▶ [Instructions for the task]: Write out the entries verbatim and leave the images out of the copy.

(Data items)
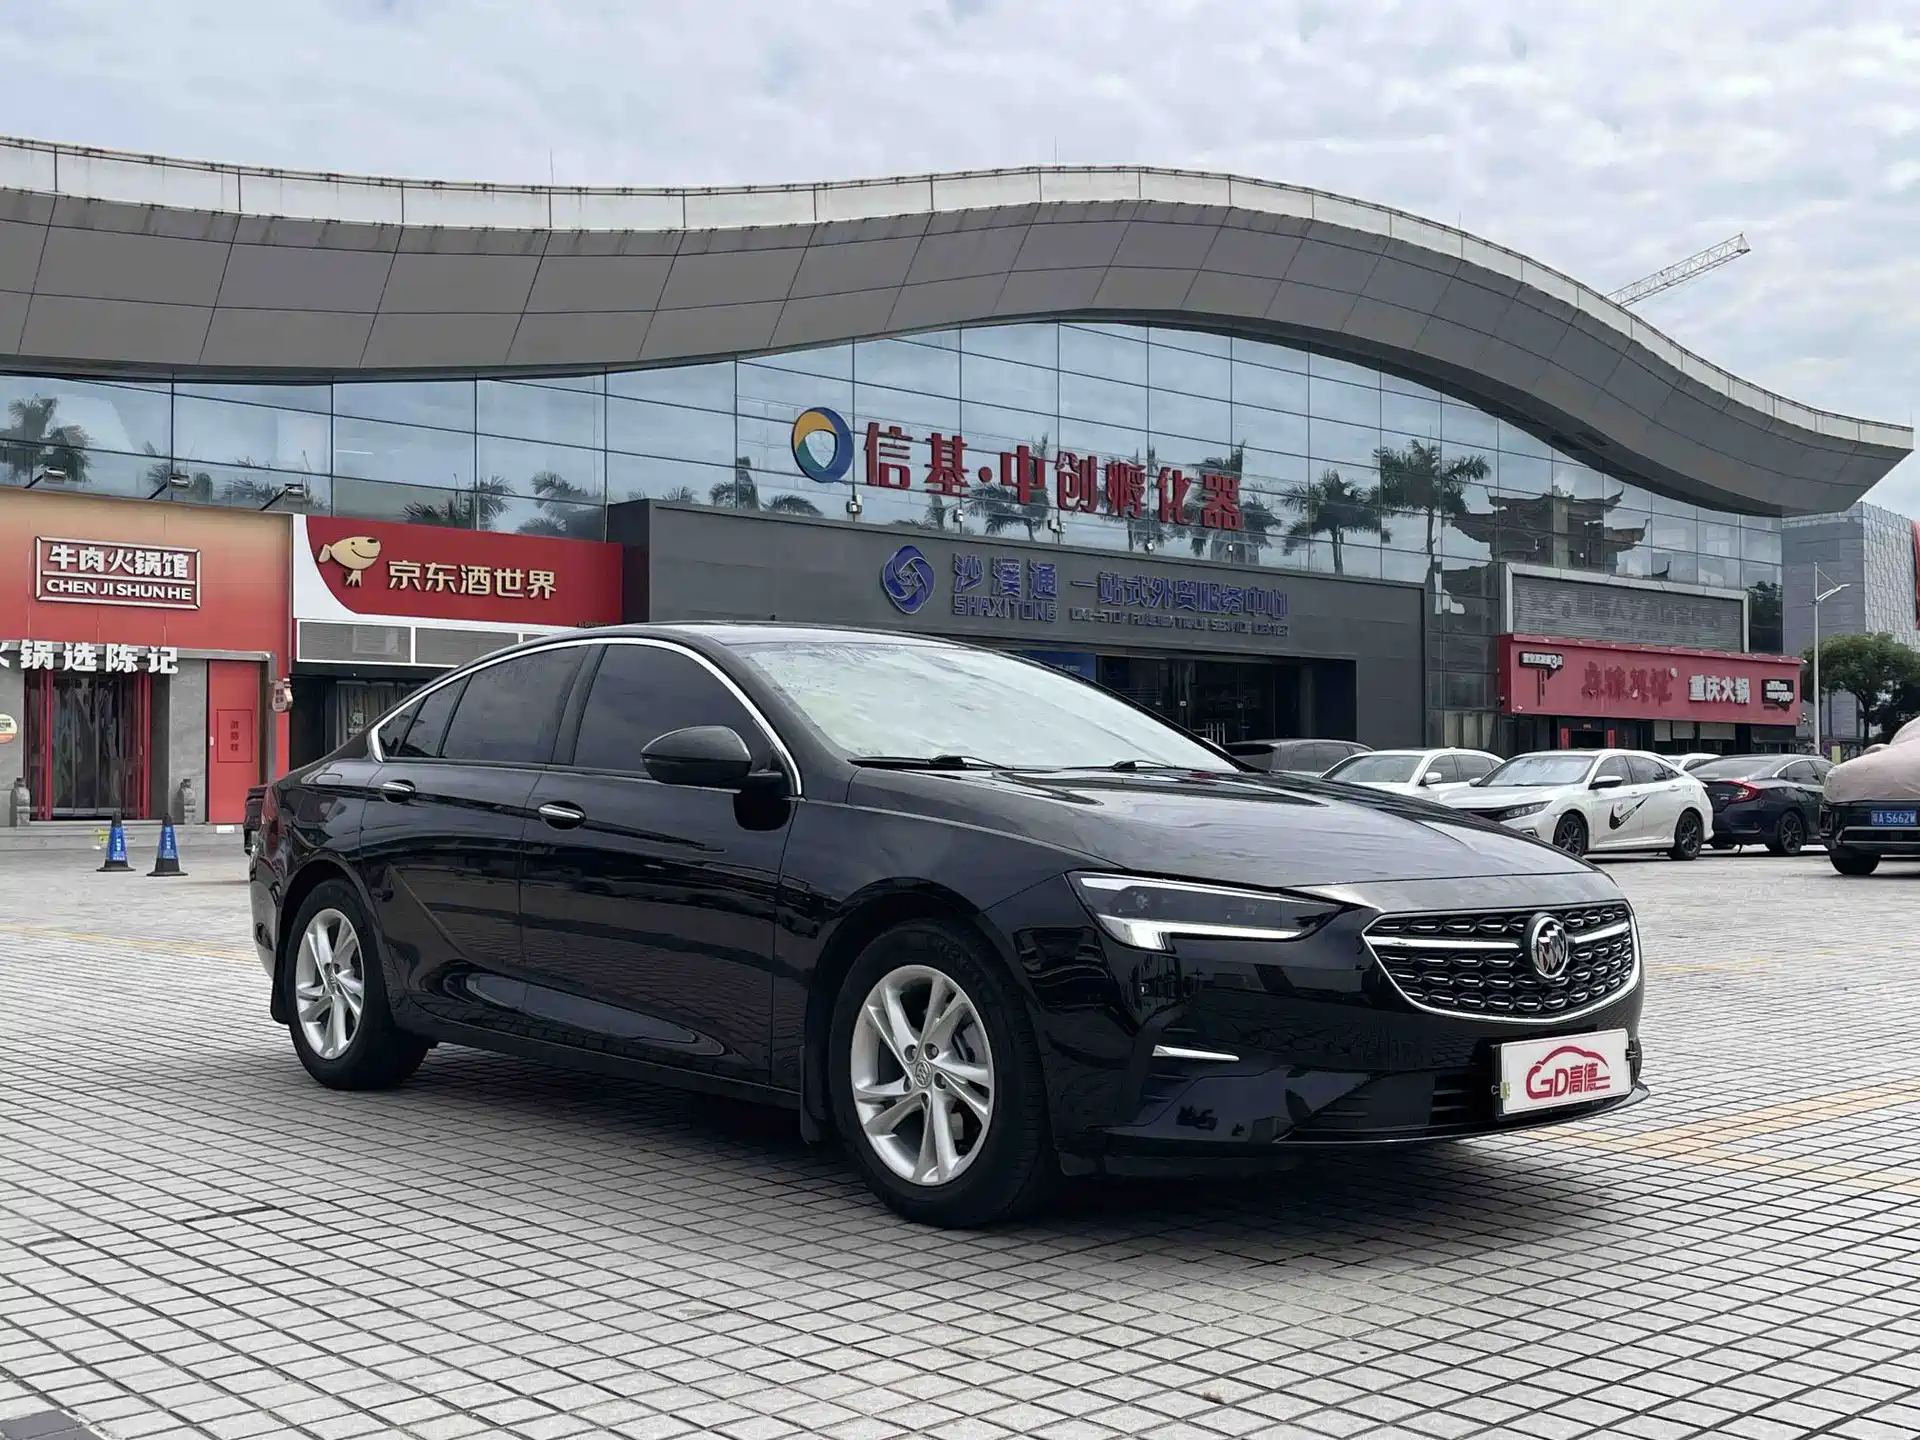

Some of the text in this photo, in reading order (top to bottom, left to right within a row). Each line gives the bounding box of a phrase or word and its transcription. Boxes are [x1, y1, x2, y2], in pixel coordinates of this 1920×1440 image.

[863, 422, 1243, 530] 信基·中创孵化器
[49, 544, 189, 579] 牛肉火锅馆
[387, 559, 558, 601] 京东酒世界
[953, 552, 1058, 599] 沙溪通
[46, 579, 193, 601] CHEN JI SHUN HE
[953, 594, 1058, 623] SHAXITONG
[1069, 571, 1288, 620] 一站式外贸服务中心
[1689, 674, 1750, 704] 重庆火锅
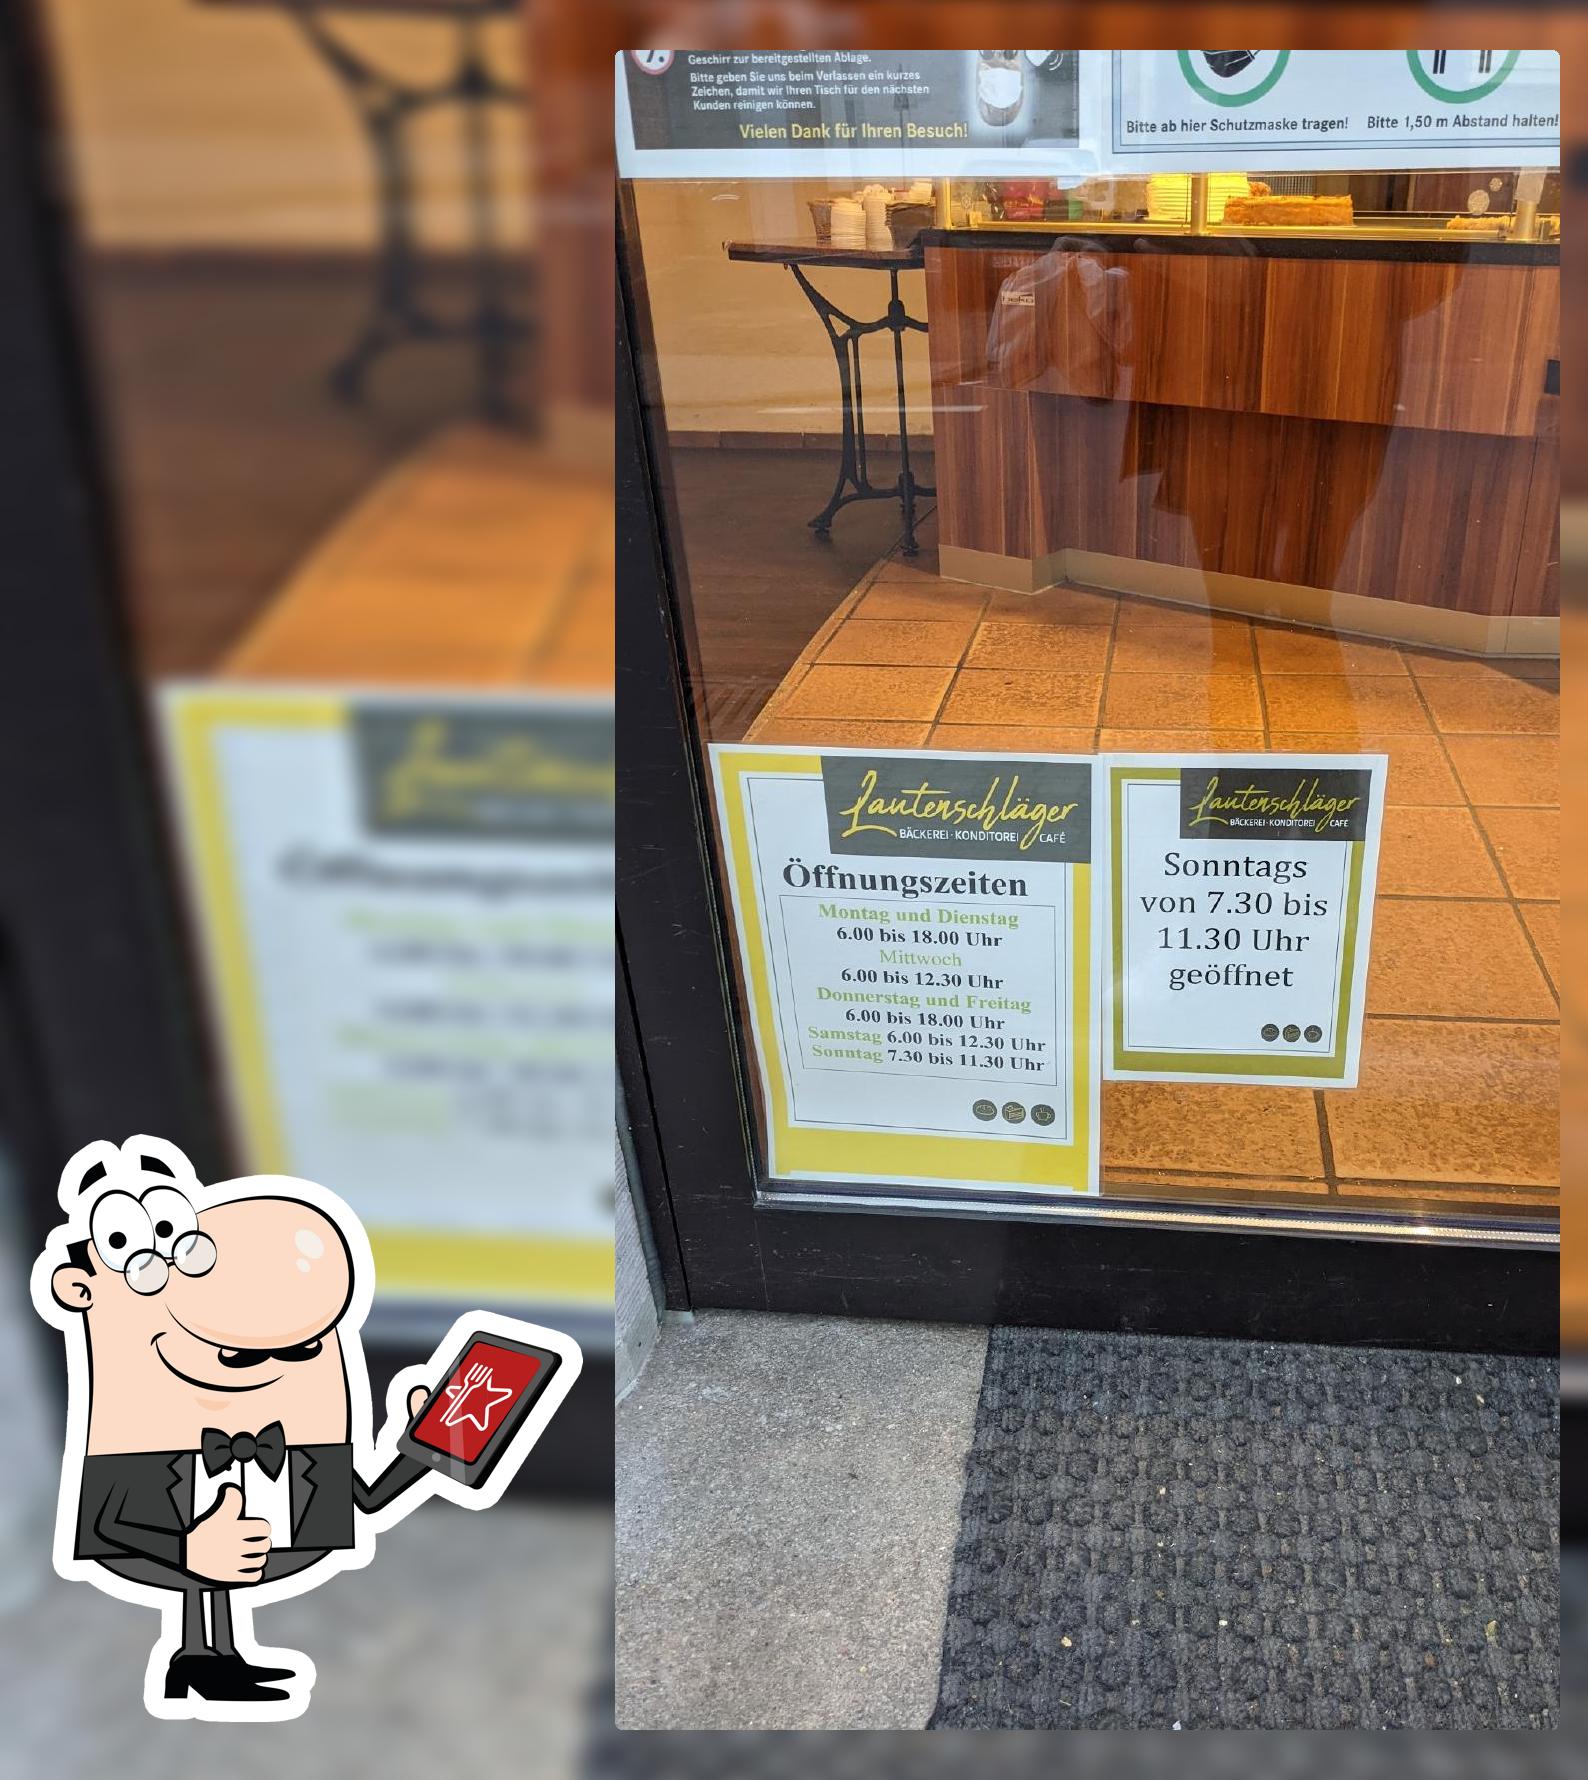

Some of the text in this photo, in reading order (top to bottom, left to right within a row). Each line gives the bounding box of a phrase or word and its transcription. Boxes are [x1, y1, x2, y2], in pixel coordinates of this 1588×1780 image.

[688, 51, 872, 66] Geschirr zur bereitgestellten Ablage.
[690, 70, 921, 85] Bitte geben Sie uns beim Verlassen ein kurzes
[691, 84, 930, 98] Zeichen, damit wir Ihren Tisch für den nächsten
[693, 99, 816, 112] Kunden reinigen können.
[739, 121, 969, 140] Vielen Dank für Ihren Besuch!
[1126, 116, 1349, 134] Bitte ab hier Schutzmaske tragen!
[1367, 113, 1560, 130] Bitte 1,50 m Abstand halten!
[839, 769, 1079, 850] Lautenschläger
[1188, 776, 1361, 832] Lautenschläger
[1039, 831, 1067, 844] CAFÉ
[782, 857, 1029, 898] Öffnungszeiten
[1163, 852, 1308, 884] Sonntags
[1139, 891, 1328, 916] von 7.30 bis
[818, 903, 1020, 929] Montag und Dienstag
[837, 927, 1003, 947] 6.00 bis 18.00 Uhr
[1157, 927, 1310, 952] 11.30 Uhr
[879, 949, 962, 967] Mittwoch
[841, 968, 1004, 990] 6.00 bis 12.30 Uhr
[1169, 963, 1294, 991] geöffnet
[816, 987, 1032, 1014] Donnerstag und Freitag
[845, 1008, 1006, 1030] 6.00 bis 18.00 Uhr
[807, 1025, 1047, 1052] Samstag 6.00 bis 12.30 Uhr
[811, 1045, 1046, 1072] Sonntag 7.30 bis 11.30 Uhr

▶ [Exercise solution]:
Some of the text in this photo, in reading order (top to bottom, left to right within a row). Each line gives the bounding box of a phrase or word and its transcription. Boxes are [x1, y1, x2, y2], in pixel coordinates of this 1920×1440 image.

[863, 422, 1243, 530] 信基·中创孵化器
[49, 544, 189, 579] 牛肉火锅馆
[387, 559, 558, 601] 京东酒世界
[953, 552, 1058, 599] 沙溪通
[46, 579, 193, 601] CHEN JI SHUN HE
[953, 594, 1058, 623] SHAXITONG
[1069, 571, 1288, 620] 一站式外贸服务中心
[1689, 674, 1750, 704] 重庆火锅

Some of the text in this photo, in reading order (top to bottom, left to right within a row). Each line gives the bounding box of a phrase or word and its transcription. Boxes are [x1, y1, x2, y2], in pixel coordinates of this 1588×1780 image.

[688, 51, 872, 66] Geschirr zur bereitgestellten Ablage.
[690, 70, 921, 85] Bitte geben Sie uns beim Verlassen ein kurzes
[691, 84, 930, 98] Zeichen, damit wir Ihren Tisch für den nächsten
[693, 99, 816, 112] Kunden reinigen können.
[739, 121, 969, 140] Vielen Dank für Ihren Besuch!
[1126, 116, 1349, 134] Bitte ab hier Schutzmaske tragen!
[1367, 113, 1560, 130] Bitte 1,50 m Abstand halten!
[839, 769, 1079, 850] Lautenschläger
[1188, 776, 1361, 832] Lautenschläger
[1039, 831, 1067, 844] CAFÉ
[782, 857, 1029, 898] Öffnungszeiten
[1163, 852, 1308, 884] Sonntags
[1139, 891, 1328, 916] von 7.30 bis
[818, 903, 1020, 929] Montag und Dienstag
[837, 927, 1003, 947] 6.00 bis 18.00 Uhr
[1157, 927, 1310, 952] 11.30 Uhr
[879, 949, 962, 967] Mittwoch
[841, 968, 1004, 990] 6.00 bis 12.30 Uhr
[1169, 963, 1294, 991] geöffnet
[816, 987, 1032, 1014] Donnerstag und Freitag
[845, 1008, 1006, 1030] 6.00 bis 18.00 Uhr
[807, 1025, 1047, 1052] Samstag 6.00 bis 12.30 Uhr
[811, 1045, 1046, 1072] Sonntag 7.30 bis 11.30 Uhr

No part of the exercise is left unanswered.